Les autorités chinoises ont critiqué lundi les sanctions américaines contre deux sociétés de pêche chinoises accusées de violations présumées des droits du travail dans la région du Tibet et ont déclaré que Washington «n’est pas en mesure d’agir en tant que gendarme du monde».
Le porte-parole du ministère chinois des Affaires étrangères, Wang Wenbin, a déclaré lors d’une conférence de presse que cette action de Washington porte «gravement» atteinte aux relations entre les deux nations et interfère dans «les affaires intérieures de la Chine».
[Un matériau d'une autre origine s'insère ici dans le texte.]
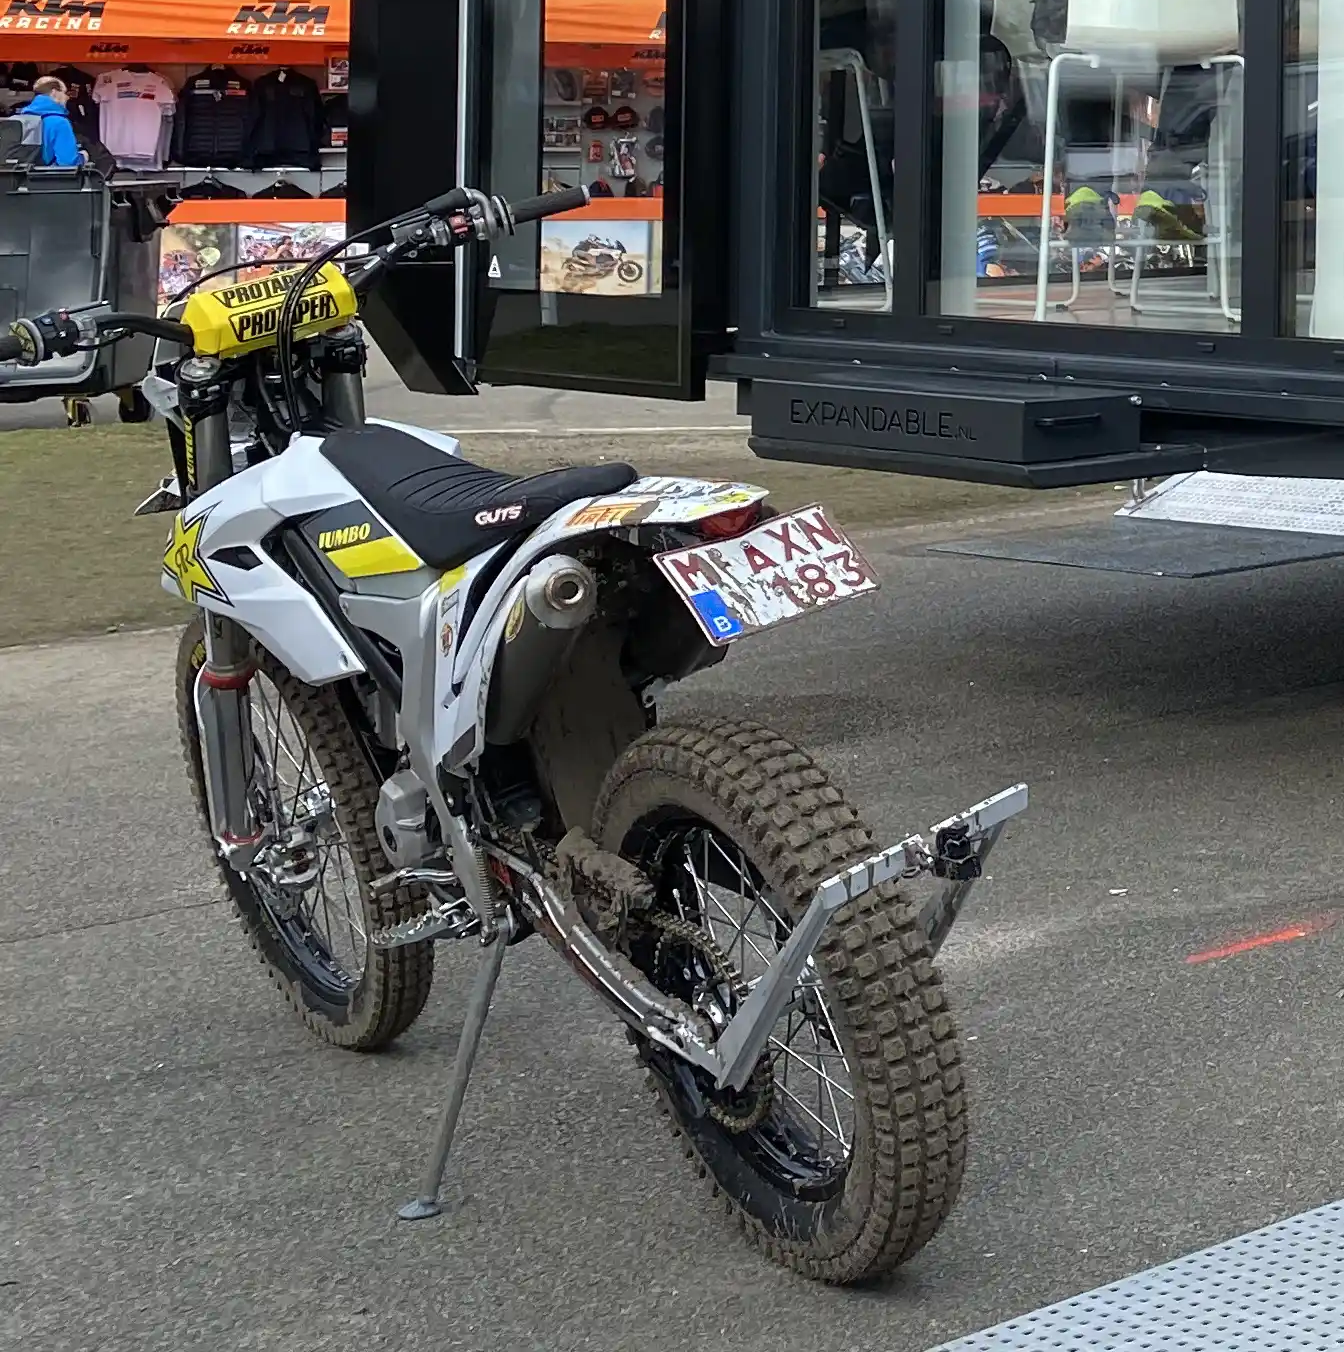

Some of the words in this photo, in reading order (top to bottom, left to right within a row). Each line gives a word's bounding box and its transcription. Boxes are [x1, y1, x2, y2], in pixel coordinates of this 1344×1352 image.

Wenbin a accusé les États-Unis de violer de manière » flagrante » les » normes fondamentales des relations internationales «. «Les questions liées au Tibet sont des affaires purement internes à la Chine et ne tolèrent aucune ingérence de la part d’un autre pays», a-t-il ajouté.
Le porte-parole chinois des affaires étrangères a exhorté les États-Unis à retirer «immédiatement» les sanctions tout en réaffirmant que la Chine «prendra des mesures efficaces pour sauvegarder ses droits et intérêts légitimes».
Le département du Trésor américain a sanctionné vendredi deux dirigeants de deux sociétés de pêche, une action qui s’inscrit dans le cadre de la loi dite «Global Magnitsky Human Rights Accountability Act», qui vise à poursuivre unilatéralement les ressortissants étrangers accusés de corruption ou de violations des droits fondamentaux.
Le Tibet a été une source de tension entre la Chine et les États-Unis en raison de la répression, de la détérioration de la situation des droits de l’homme dans les régions tibétaines et des restrictions sévères imposées à la liberté religieuse ou aux traditions culturelles des Tibétains en Chine.